▶ **What to produce**: Exclude the pictures, then repeat the remaining data exactly.

--- Source material Enclosed Below ---

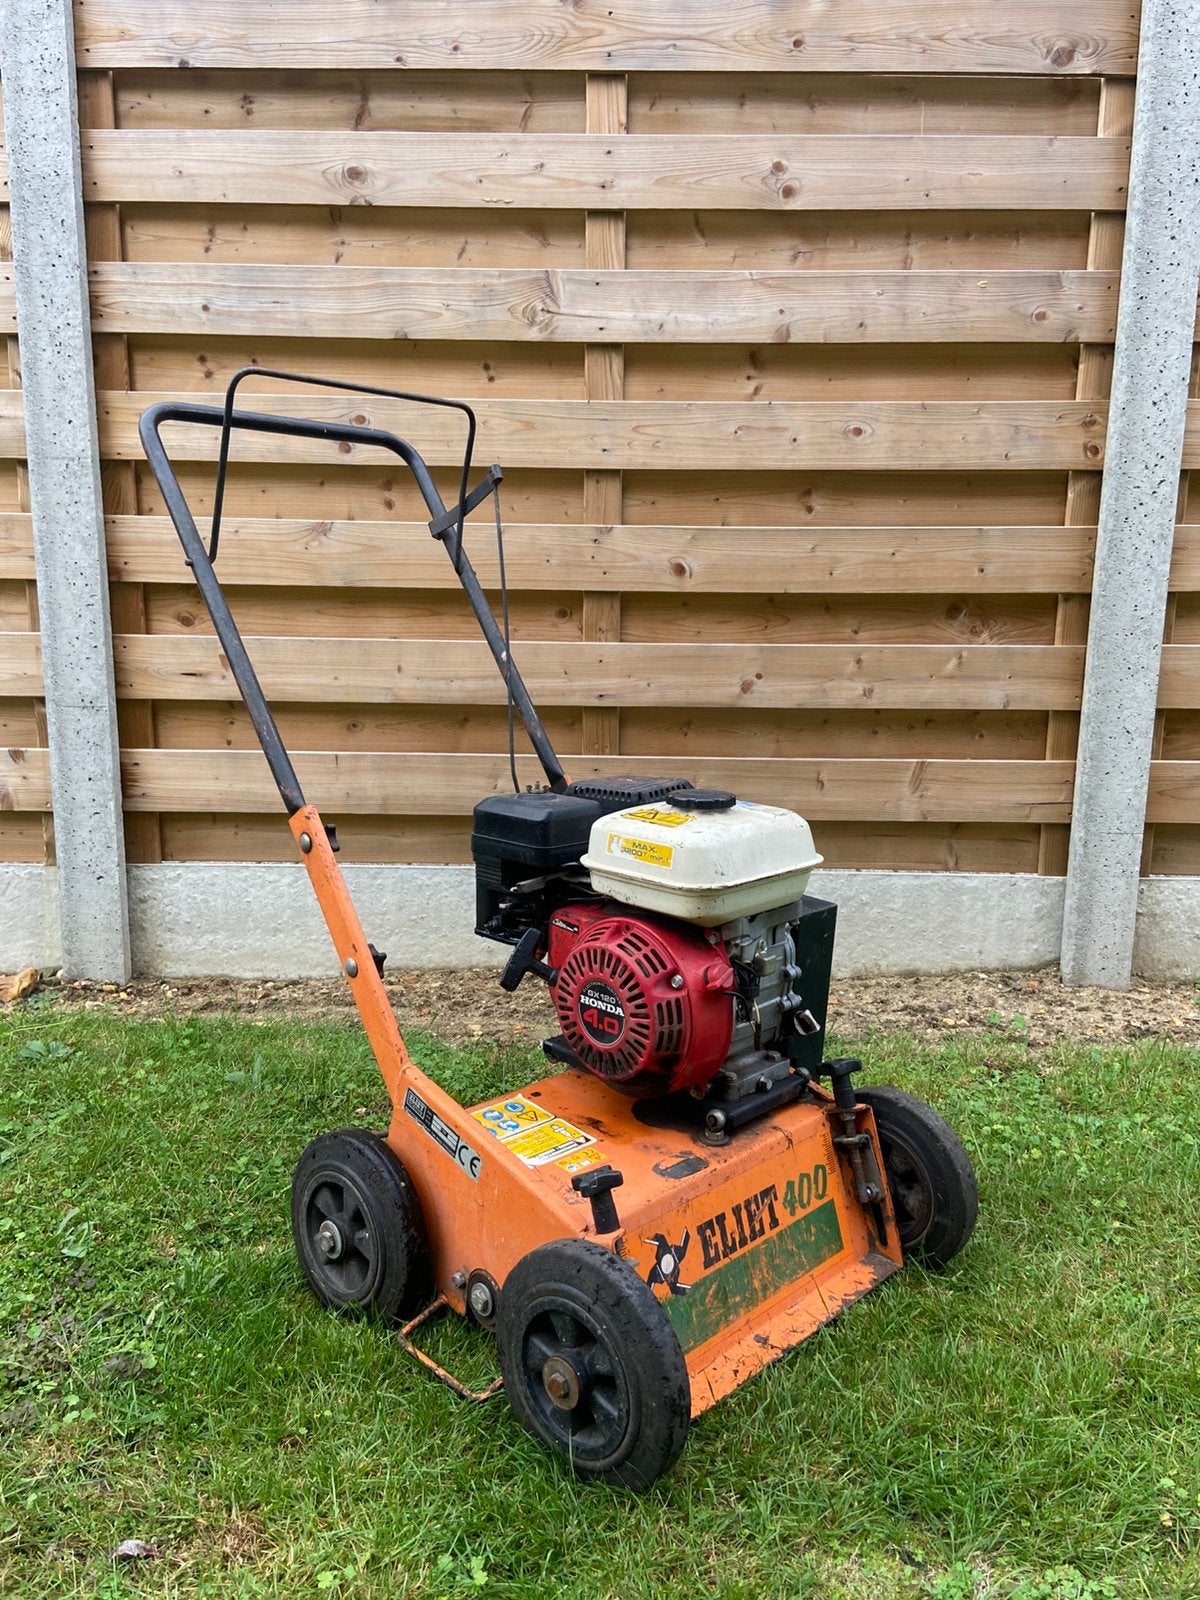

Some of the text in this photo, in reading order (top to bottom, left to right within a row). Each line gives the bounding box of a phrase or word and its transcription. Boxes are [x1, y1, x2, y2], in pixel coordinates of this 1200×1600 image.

[580, 994, 625, 1017] HONDA
[587, 989, 616, 1004] GX120
[583, 1008, 619, 1035] 4.0
[697, 1164, 827, 1270] ELIET 400
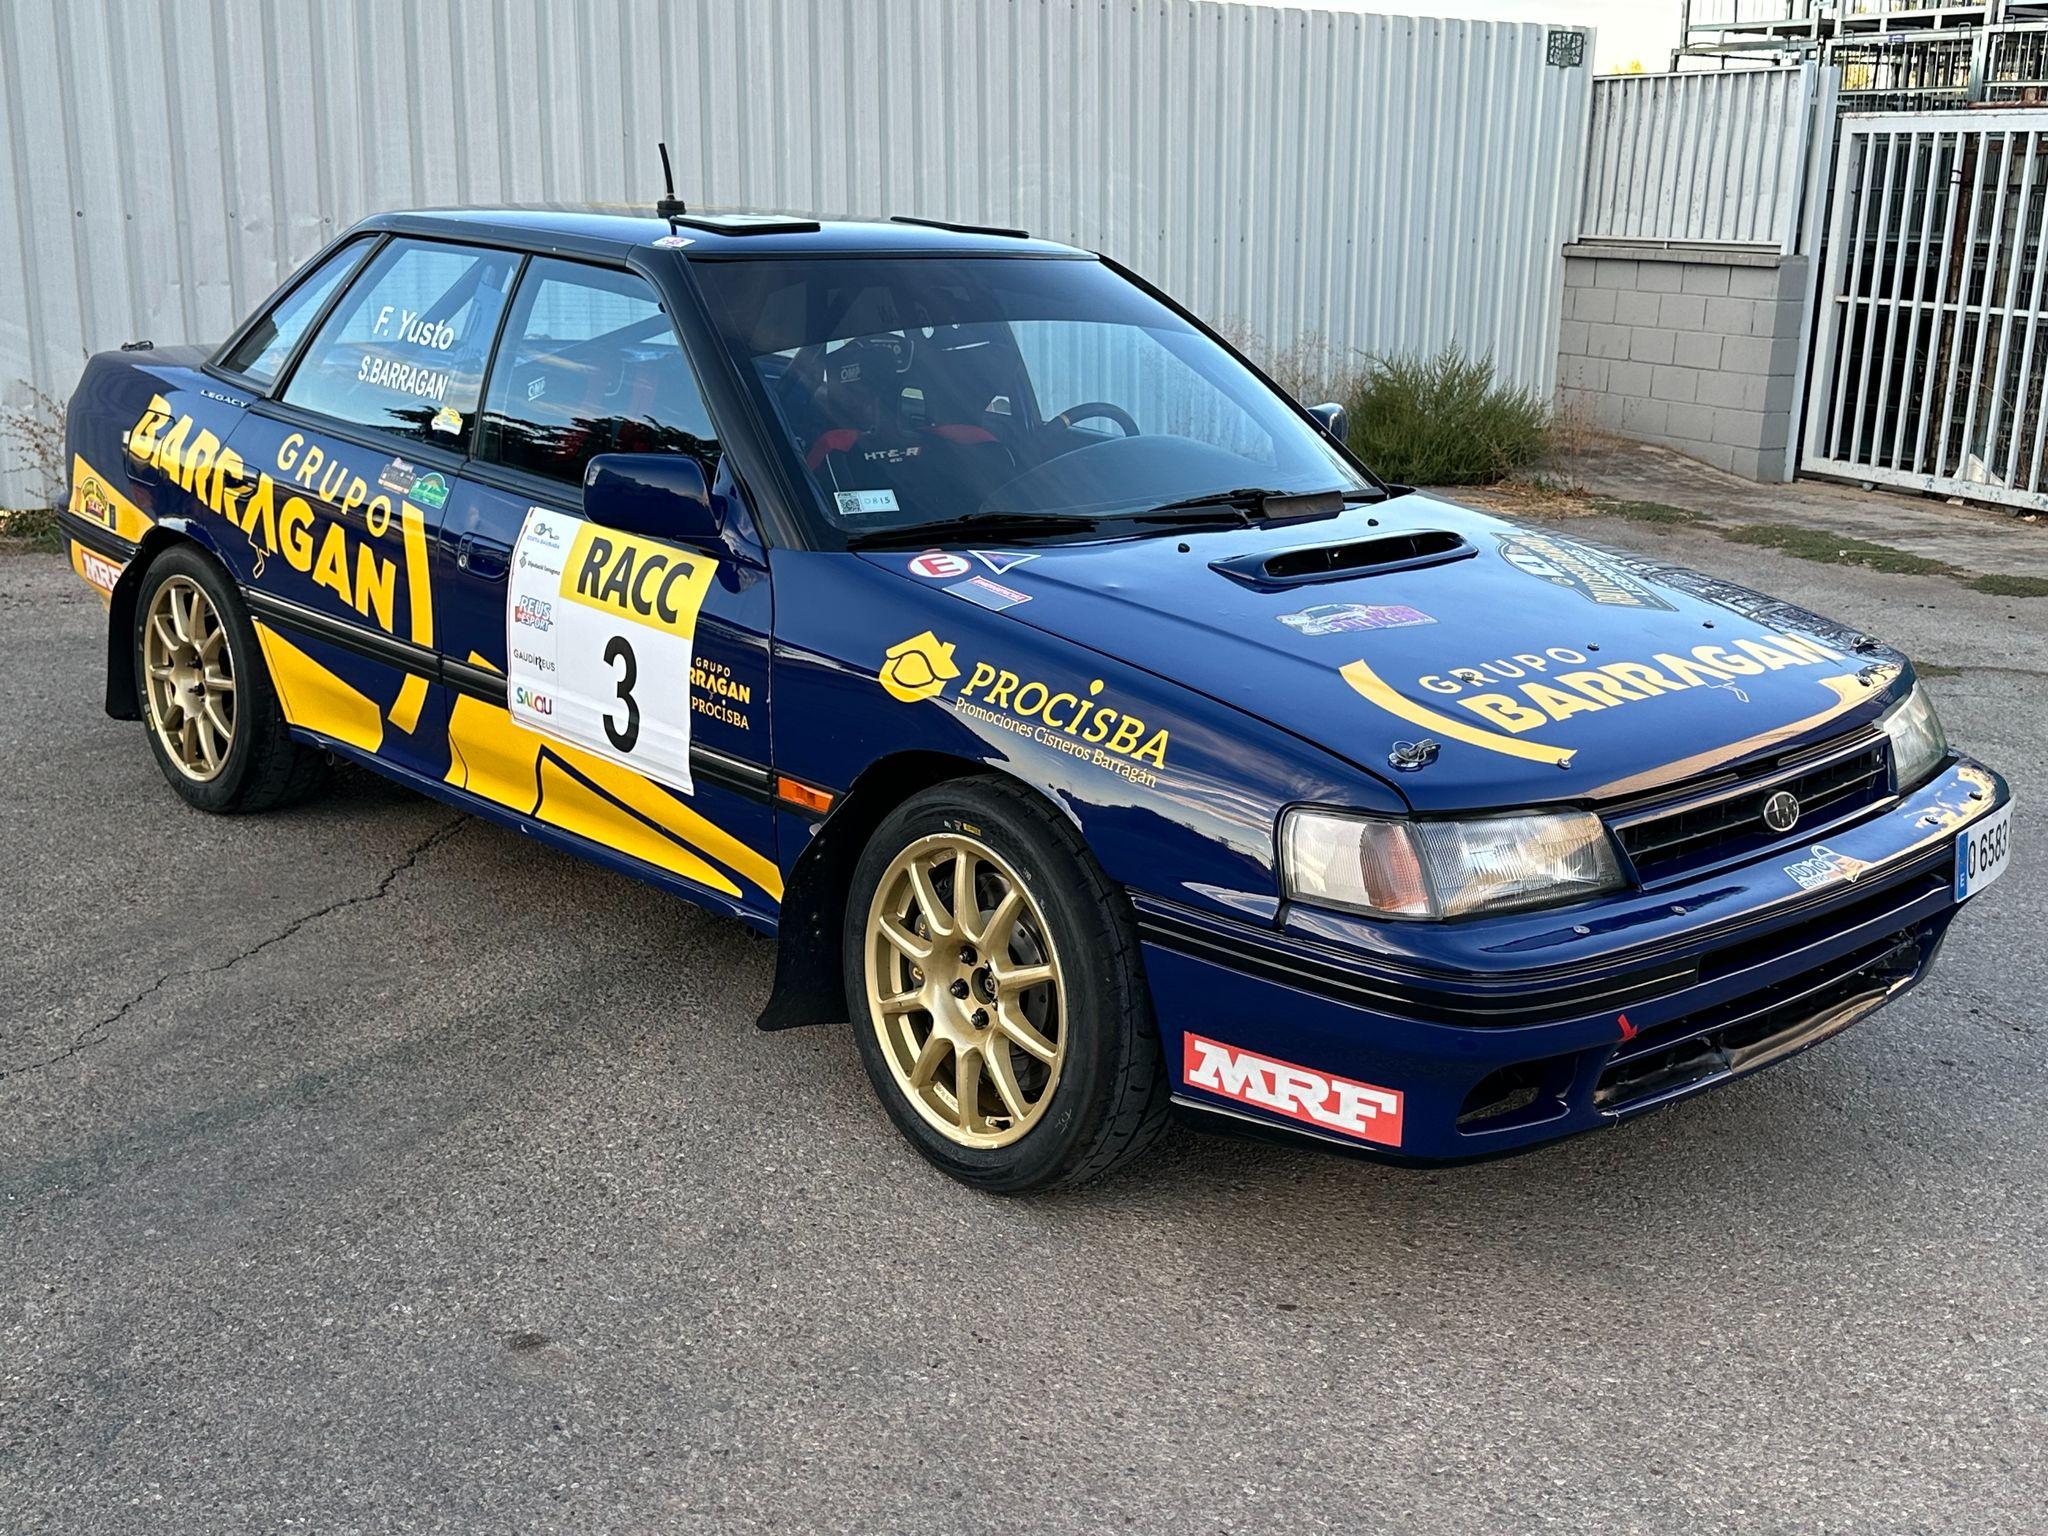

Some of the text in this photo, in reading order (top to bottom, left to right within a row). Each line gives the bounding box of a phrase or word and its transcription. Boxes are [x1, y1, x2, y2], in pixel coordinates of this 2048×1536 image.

[373, 306, 455, 350] F. Yusto
[200, 389, 248, 408] LEGACY
[358, 355, 449, 401] S.BARRAGAN
[277, 432, 392, 539] GRUPO
[127, 393, 397, 633] BARRAGAN
[577, 536, 695, 625] RACC
[918, 556, 961, 576] E
[520, 595, 551, 619] REUS
[521, 612, 550, 632] ESPORT
[690, 666, 751, 704] RRAGAN
[695, 657, 731, 677] GRUPO
[1419, 646, 1588, 695] GRUPO
[1457, 632, 1847, 734] BARRAGAN
[516, 686, 552, 715] SALOU
[603, 635, 641, 753] 3
[954, 696, 1157, 788] Promociones Cisneros Barragán
[1980, 819, 2008, 869] 6583
[1189, 1040, 1398, 1133] MRF
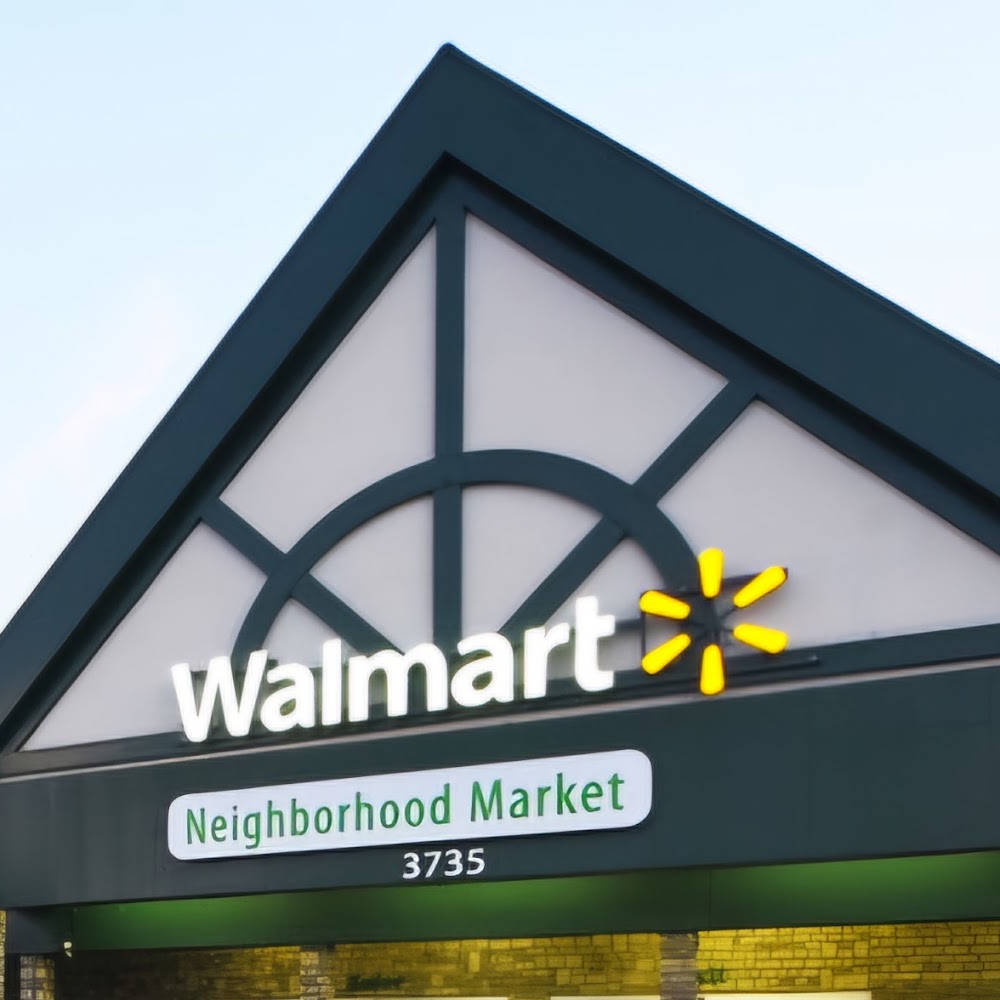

--- End of Enclosed Source material ---

▶ **Solution for this problem**:
Some of the text in this photo, in reading order (top to bottom, left to right within a row). Each line gives the bounding box of a phrase or word and its transcription. Boxes are [x1, y1, x2, y2], in pixel coordinates of this 1200×1600 image.

[580, 994, 625, 1017] HONDA
[587, 989, 616, 1004] GX120
[583, 1008, 619, 1035] 4.0
[697, 1164, 827, 1270] ELIET 400

Some of the text in this photo, in reading order (top to bottom, left to right within a row). Each line gives the bounding box of a phrase or word and its transcription. Boxes are [x1, y1, x2, y2], in pixel coordinates of this 2048×1536 image.

[373, 306, 455, 350] F. Yusto
[200, 389, 248, 408] LEGACY
[358, 355, 449, 401] S.BARRAGAN
[277, 432, 392, 539] GRUPO
[127, 393, 397, 633] BARRAGAN
[577, 536, 695, 625] RACC
[918, 556, 961, 576] E
[520, 595, 551, 619] REUS
[521, 612, 550, 632] ESPORT
[690, 666, 751, 704] RRAGAN
[695, 657, 731, 677] GRUPO
[1419, 646, 1588, 695] GRUPO
[1457, 632, 1847, 734] BARRAGAN
[516, 686, 552, 715] SALOU
[603, 635, 641, 753] 3
[954, 696, 1157, 788] Promociones Cisneros Barragán
[1980, 819, 2008, 869] 6583
[1189, 1040, 1398, 1133] MRF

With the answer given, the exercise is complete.